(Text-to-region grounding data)
● ● ● ● ●

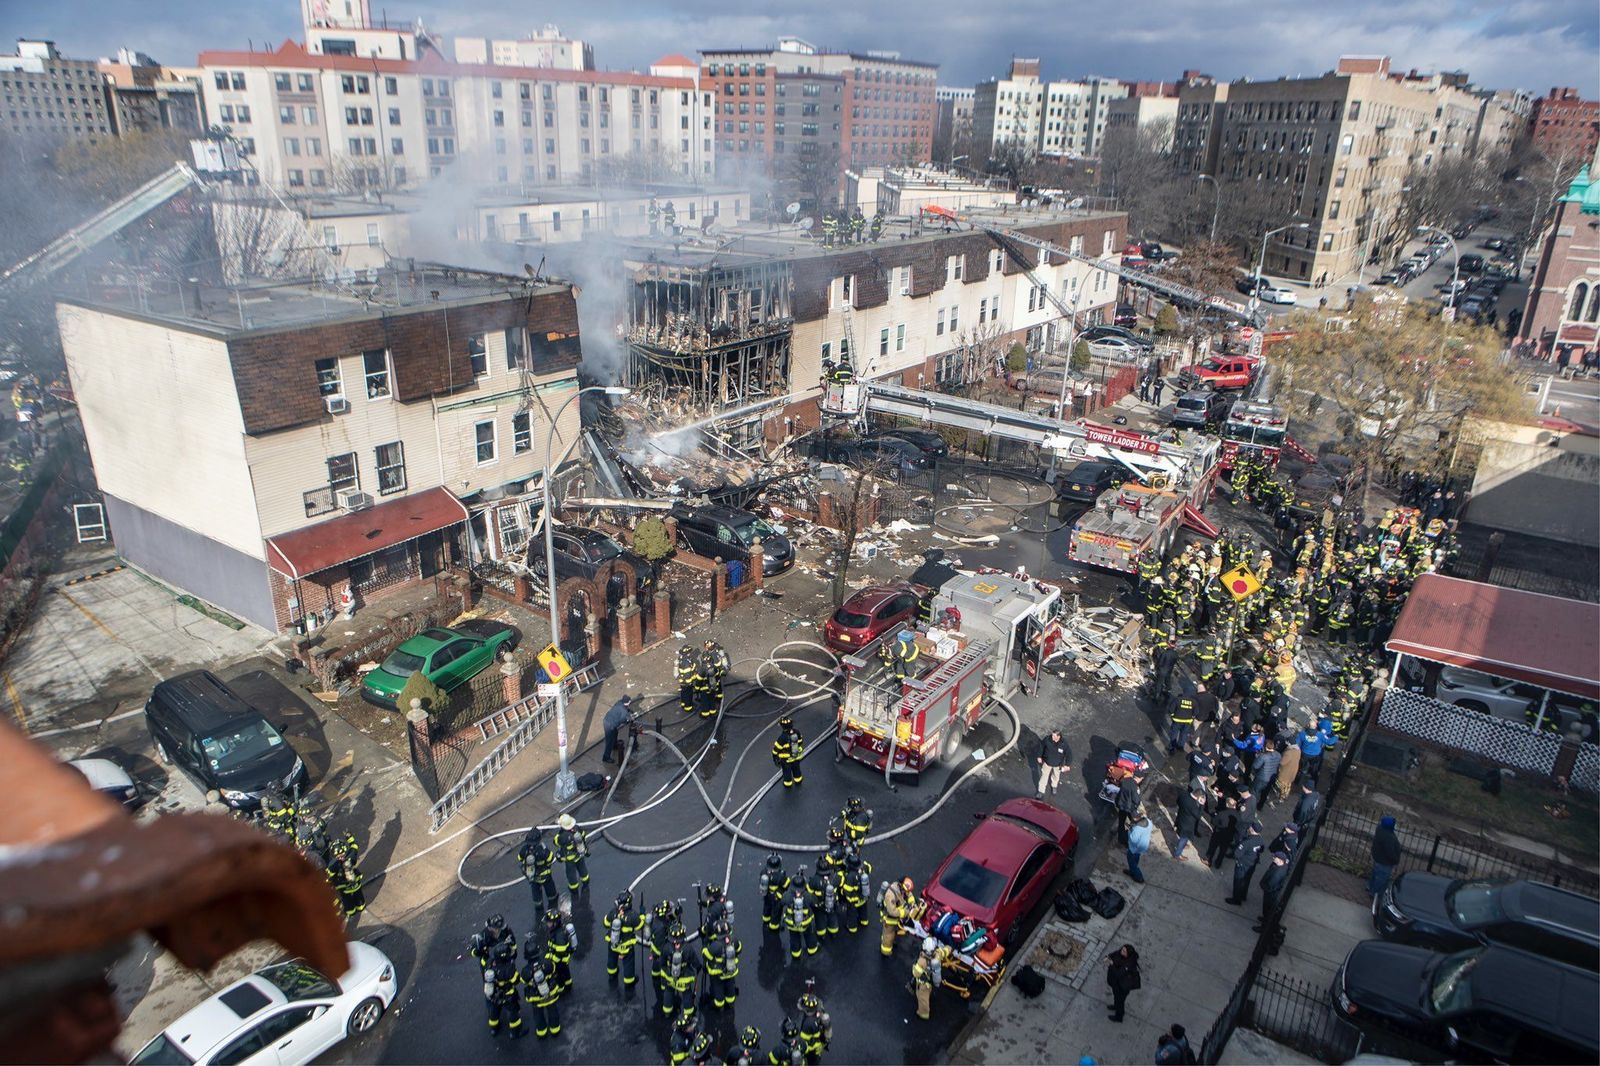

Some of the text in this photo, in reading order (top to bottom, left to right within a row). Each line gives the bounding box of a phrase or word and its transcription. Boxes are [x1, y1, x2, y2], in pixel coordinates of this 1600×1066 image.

[1089, 431, 1149, 451] TOWER LADDER 31
[1093, 536, 1118, 547] FDNY
[974, 581, 999, 595] 73
[871, 738, 884, 753] 73
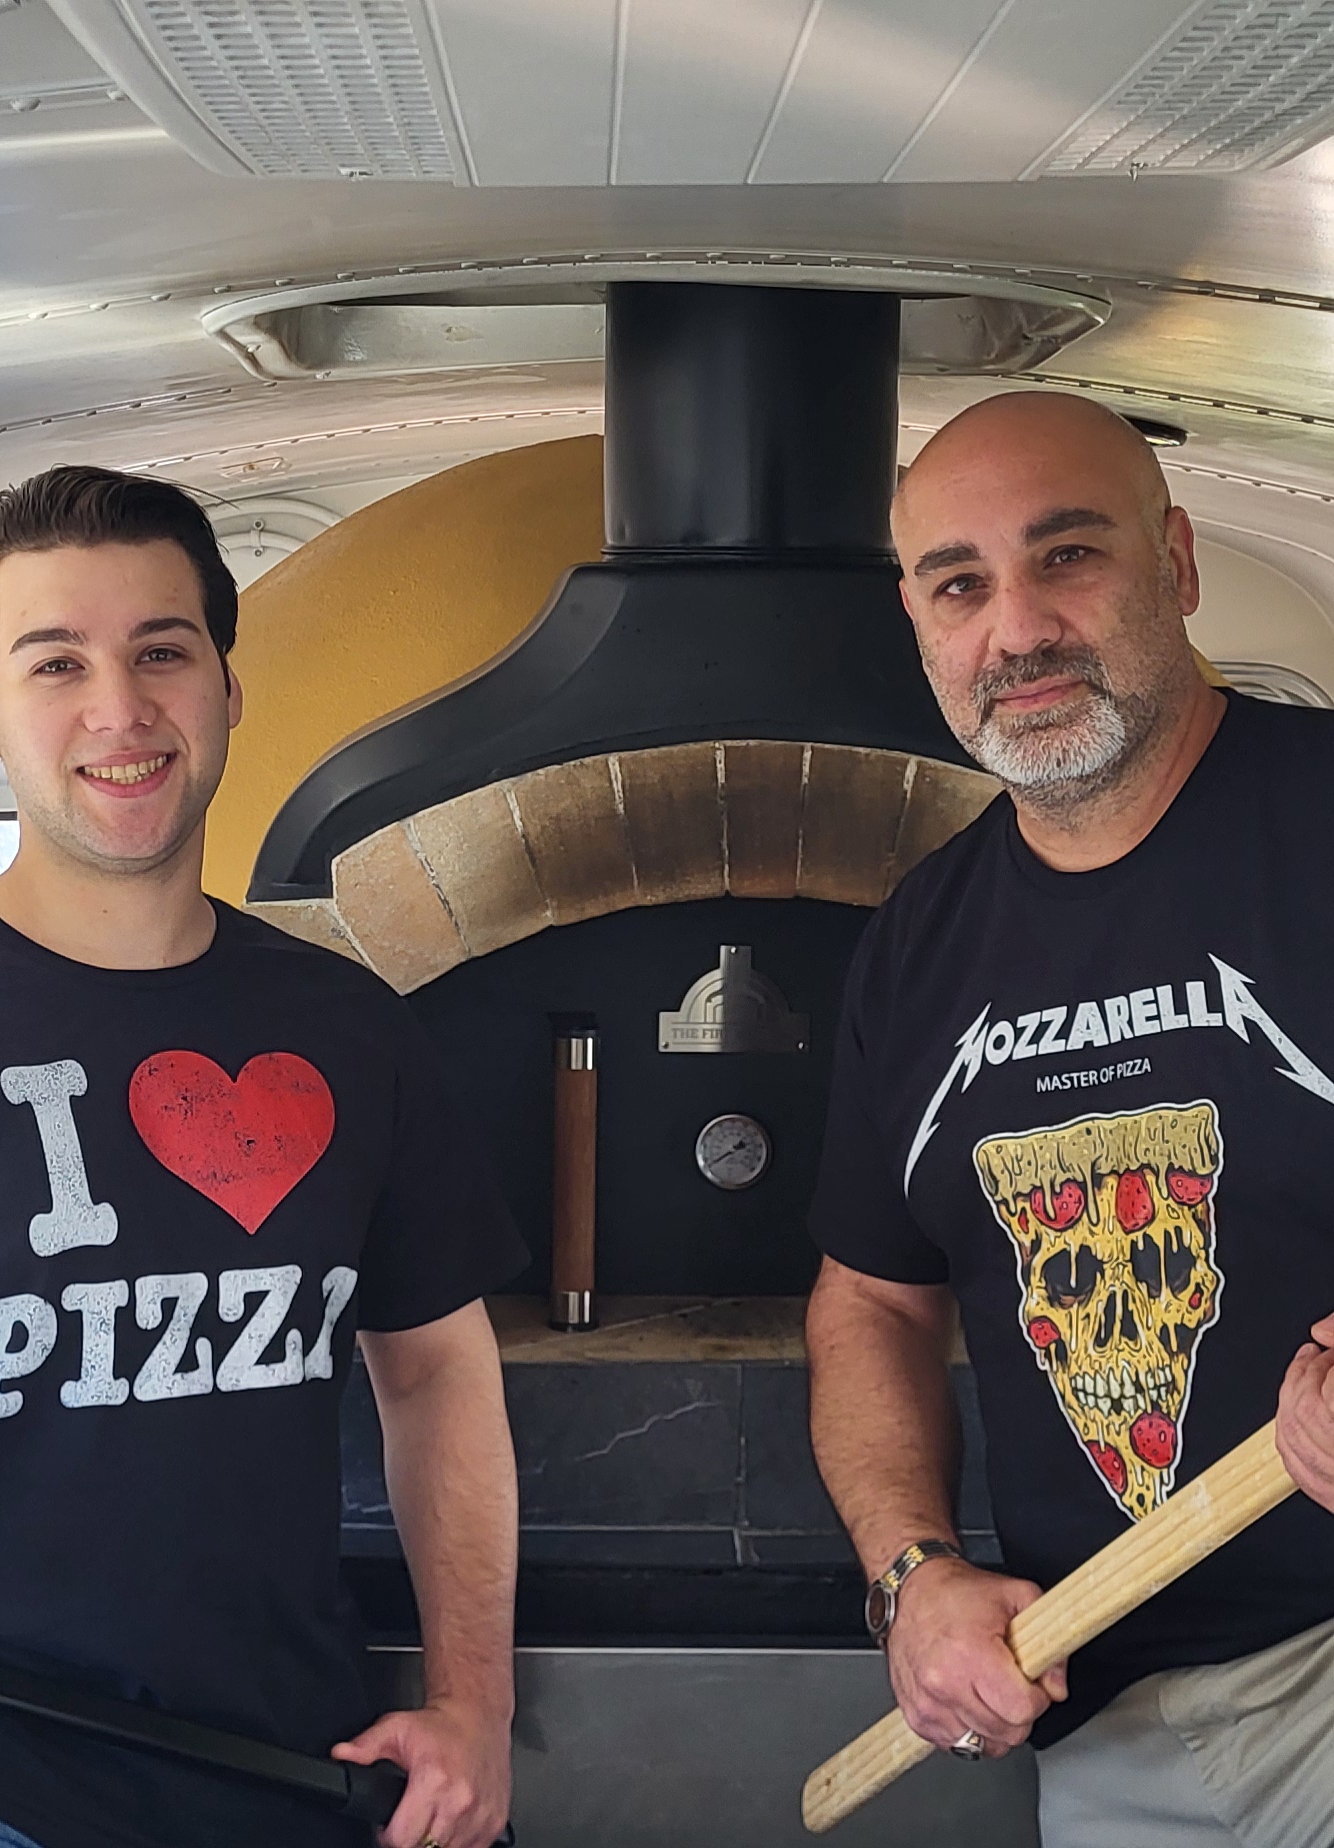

● ● ● ● ●

Your copy should hold each line above exactly and no pictures at all.

Some of the text in this photo, in reading order (top to bottom, left to right within a row). Each line gives the bounding box of a phrase or word and its transcription. Boxes are [x1, y1, x2, y2], in pixel coordinates of this 1600×1066 image.

[1089, 431, 1149, 451] TOWER LADDER 31
[1093, 536, 1118, 547] FDNY
[974, 581, 999, 595] 73
[871, 738, 884, 753] 73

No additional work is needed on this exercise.